GFC’s grantmaking program is guided by children’s basic needs for growth and development, including Schools and Scholarships, Hazardous Child Labor, Commercial Sexual Exploitation, and the Distinctive Needs of Vulnerable Boys. A fifth general portfolio allows GFC to support promising new approaches that do not readily fall into the other four categories.


Schools and Scholarships

Education is every child’s right—and the most promising path to a healthy, productive future—but worldwide one in five children are not enrolled in primary school. Around the globe, some of the most successful efforts to address the problem are coming from within the communities that need education most. In 2004–2005, GFC awarded $514,000 to fifty-one grassroots organizations that are increasing children’s access to primary and secondary schooling through nonformal education, skills training, scholarships, and other innovative programs. Click here to read the full concept paper on Schools and Scholarships.

Hazardous Child Labor

Driven by poverty, cultural expectations, or a simple lack of alternatives, one in six children around the world engage in full- or part-time work that meets international definitions of child labor.
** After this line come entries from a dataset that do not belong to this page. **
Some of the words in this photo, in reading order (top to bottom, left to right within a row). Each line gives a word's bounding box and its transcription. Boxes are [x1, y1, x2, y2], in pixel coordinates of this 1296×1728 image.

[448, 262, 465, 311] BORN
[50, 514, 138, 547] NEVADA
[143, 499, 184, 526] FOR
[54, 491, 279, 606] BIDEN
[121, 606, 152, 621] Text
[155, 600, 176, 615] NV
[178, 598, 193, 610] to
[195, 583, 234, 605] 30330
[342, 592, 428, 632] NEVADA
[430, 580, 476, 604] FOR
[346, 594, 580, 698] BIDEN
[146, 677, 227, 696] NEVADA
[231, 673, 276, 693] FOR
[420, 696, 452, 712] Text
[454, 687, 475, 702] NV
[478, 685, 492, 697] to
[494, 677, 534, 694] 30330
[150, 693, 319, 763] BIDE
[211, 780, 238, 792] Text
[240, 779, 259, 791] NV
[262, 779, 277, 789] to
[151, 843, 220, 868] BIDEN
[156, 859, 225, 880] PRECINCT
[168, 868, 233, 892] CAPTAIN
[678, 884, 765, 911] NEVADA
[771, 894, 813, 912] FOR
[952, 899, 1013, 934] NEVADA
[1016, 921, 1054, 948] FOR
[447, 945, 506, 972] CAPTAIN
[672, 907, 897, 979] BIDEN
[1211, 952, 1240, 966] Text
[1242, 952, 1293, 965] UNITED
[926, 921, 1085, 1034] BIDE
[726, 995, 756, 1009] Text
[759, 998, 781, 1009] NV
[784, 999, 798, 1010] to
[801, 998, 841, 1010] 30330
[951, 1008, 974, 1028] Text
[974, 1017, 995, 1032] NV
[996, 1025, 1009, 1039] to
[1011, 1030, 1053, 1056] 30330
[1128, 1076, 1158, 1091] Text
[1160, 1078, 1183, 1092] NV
Not all children’s work is harmful, but when it prevents children from attending school, it greatly limits their future prospects. In 2004–2005, GFC awarded $184,000 to twenty-one grantee partners that offer educational opportunities and other assistance to child laborers and their families, with a special focus on eliminating hazardous, exploitative, and inappropriate work. Click here to read the full concept paper on Hazardous Child Labor.

Commercial Sexual Exploitation of Children

No greater violation of their health and dignity exists, yet approximately ten million of the world’s children—mostly girls—are involved in some form of the commercial sex industry. To protect children from initial and continued exposure to prostitution, sex tourism, trafficking, and pornography, organizations must address poverty and other root causes of the problem. Through $155,500 in awards during 2004–2005, GFC supported seventeen grantee partners that prevent children from entering the sex industry and that care for and reintegrate those who have experienced exploitation and abuse. Click here to read the full concept paper on Commercial Sexual Exploitation of Children.

The Distinctive Needs of Vulnerable Boys

Boys without education and work are often pushed to society’s margins. Violence, intolerance, and illegal activities threaten their lives and communities—leading a growing number of organizations to design educational programs especially for boys. In 2004–2005, GFC awarded $146,500 to fifteen grantee partners that provide life skills education, job training, substance abuse prevention, and other critical support to at-risk boys and young men. Click here to read the full concept paper on the Distinctive Needs of Vulnerable Boys.

General

Creativity and innovation allow organizations—and children—to thrive. Recognizing this, GFC uses its general portfolio to support a small number of grantee partners that apply imaginative new approaches to complex problems but do not easily fall within the other portfolios.